Green, yellow, orange, purple, violet: August's plate of local produce is a colourful one! Watch for the arrival of turnips, cauliflower and squash. Here are August's featured foods.
Also known as white turnips, with their white flesh and small purple neck, turnips stand out on the shelves! In the same large family as radishes, mustard greens and cabbage, turnips have a slightly spicy taste like radishes and can be eaten raw thanks to the firm flesh.
It is often thought to be a cousin of the turnip because of its colour, but its shape reveals that the parsnip is a cousin of the carrot. It is also in the same family as parsley and celery! Parsnips can be substituted for carrots in almost any recipe. It is also tasty as fries!
Leeks are not afraid of winter! They arrive in our markets in August and are eaten fresh until the end of March. The flavour is more delicate than onions and has great health benefits: it contains flavonoids and antioxidants that are excellent for preventing chronic diseases.

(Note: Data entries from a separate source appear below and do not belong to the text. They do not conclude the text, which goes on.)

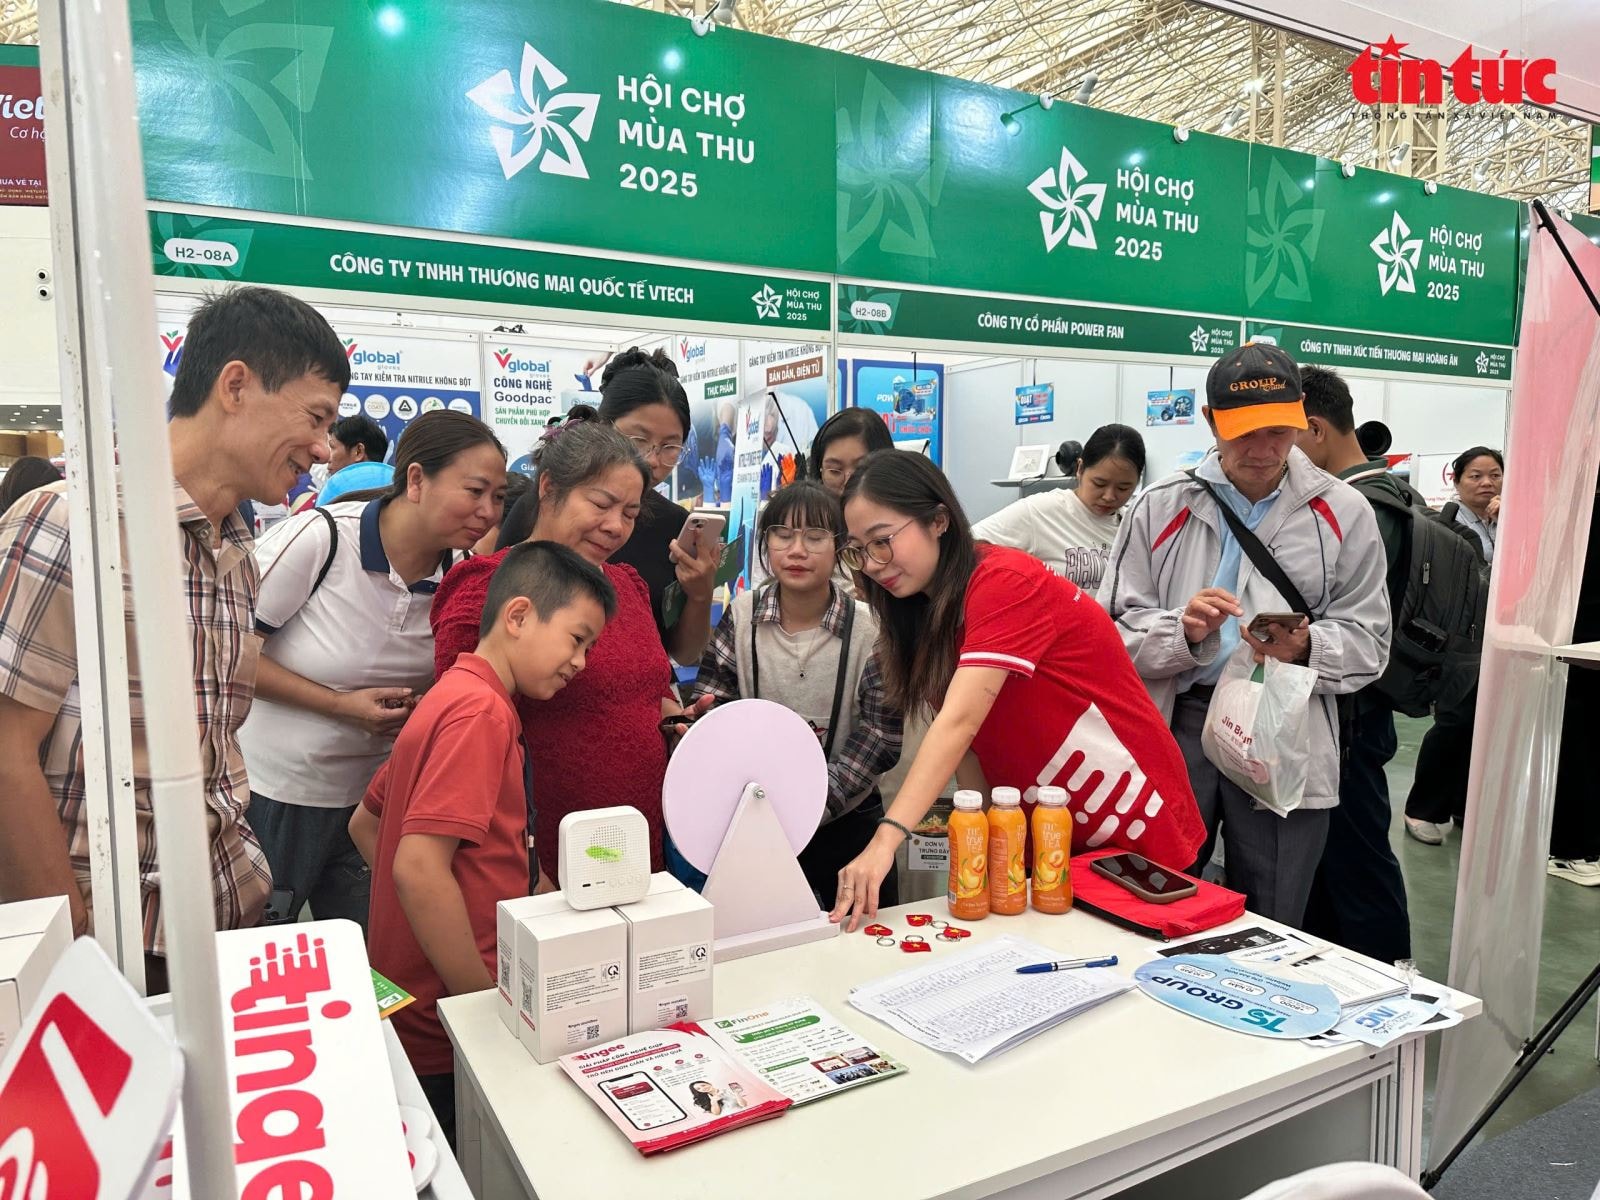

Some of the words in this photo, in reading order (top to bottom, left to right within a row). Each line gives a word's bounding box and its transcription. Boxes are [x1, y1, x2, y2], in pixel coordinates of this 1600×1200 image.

[617, 73, 672, 113] HỘI
[680, 88, 746, 128] CHỢ
[618, 116, 688, 155] MÙA
[696, 131, 755, 164] THU
[619, 163, 698, 198] 2025
[1116, 166, 1149, 196] HỘI
[1154, 176, 1195, 206] CHỢ
[1116, 199, 1158, 228] MÙA
[1162, 210, 1199, 234] THU
[1115, 236, 1163, 261] 2025
[1429, 223, 1452, 250] HỘI
[1455, 231, 1483, 256] CHỢ
[175, 246, 234, 263] H2-08A
[1428, 252, 1457, 275] MÙA
[1460, 259, 1486, 279] THU
[330, 251, 383, 276] CÔNG
[388, 259, 410, 278] TY
[416, 261, 464, 283] TNHH
[468, 265, 539, 290] THƯƠNG
[544, 274, 575, 294] MẠI
[579, 275, 624, 298] QUỐC
[628, 279, 648, 300] TẾ
[648, 285, 694, 305] VTECH
[786, 287, 801, 299] HỘI
[802, 289, 820, 301] CHỢ
[1427, 281, 1460, 301] 2025
[786, 298, 805, 310] MÙA
[806, 302, 823, 311] THU
[855, 306, 887, 318] H2-08B
[786, 312, 808, 321] 2025
[978, 311, 1008, 330] CÔNG
[1009, 317, 1024, 331] TY
[1025, 313, 1039, 331] CỔ
[1041, 316, 1069, 335] PHẦN
[1070, 321, 1104, 337] POWER
[1106, 325, 1124, 340] FAN
[1301, 339, 1322, 353] CÔNG
[1322, 344, 1333, 353] TY
[1333, 344, 1352, 355] TNHH
[360, 372, 373, 381] TAY
[393, 375, 407, 383] TRA
[407, 376, 433, 384] NITRILE
[494, 375, 522, 389] CÔNG
[525, 378, 552, 393] NGHỆ
[1230, 377, 1278, 391] GROUP
[494, 391, 552, 406] Goodpac
[876, 393, 894, 402] POW
[1151, 974, 1244, 1011] GROUP
[731, 1011, 769, 1025] FinOne

Be careful not to overcook it, as its fragile flesh quickly turns to paste.
We spontaneously associate squash with autumn and falling leaves, but it can be enjoyed as early as the beginning of August! Winter squash is an excellent source of vitamin C, antioxidants and beta-carotene. They are a real vitamin bomb!
The colour of cauliflower isn't just a matter of looks: there's a real difference in taste! Purple is sweet, but green and orange are sweeter. It's a great trick to coax kids into eating their veggies, especially with the vibrant colours on the plate!
We know that this cruciferous vegetable is not a favourite! However, Brussels sprouts can be used in dozens of tasty preparations, especially when local and in season. In addition, it contains a lot of glucosinolates, compounds that are very effective in preventing certain cancers. It may be an acquired taste, but once you've been seduced by cabbage, it's for life!
Make the most of the last month of summer to fill your plate with colour.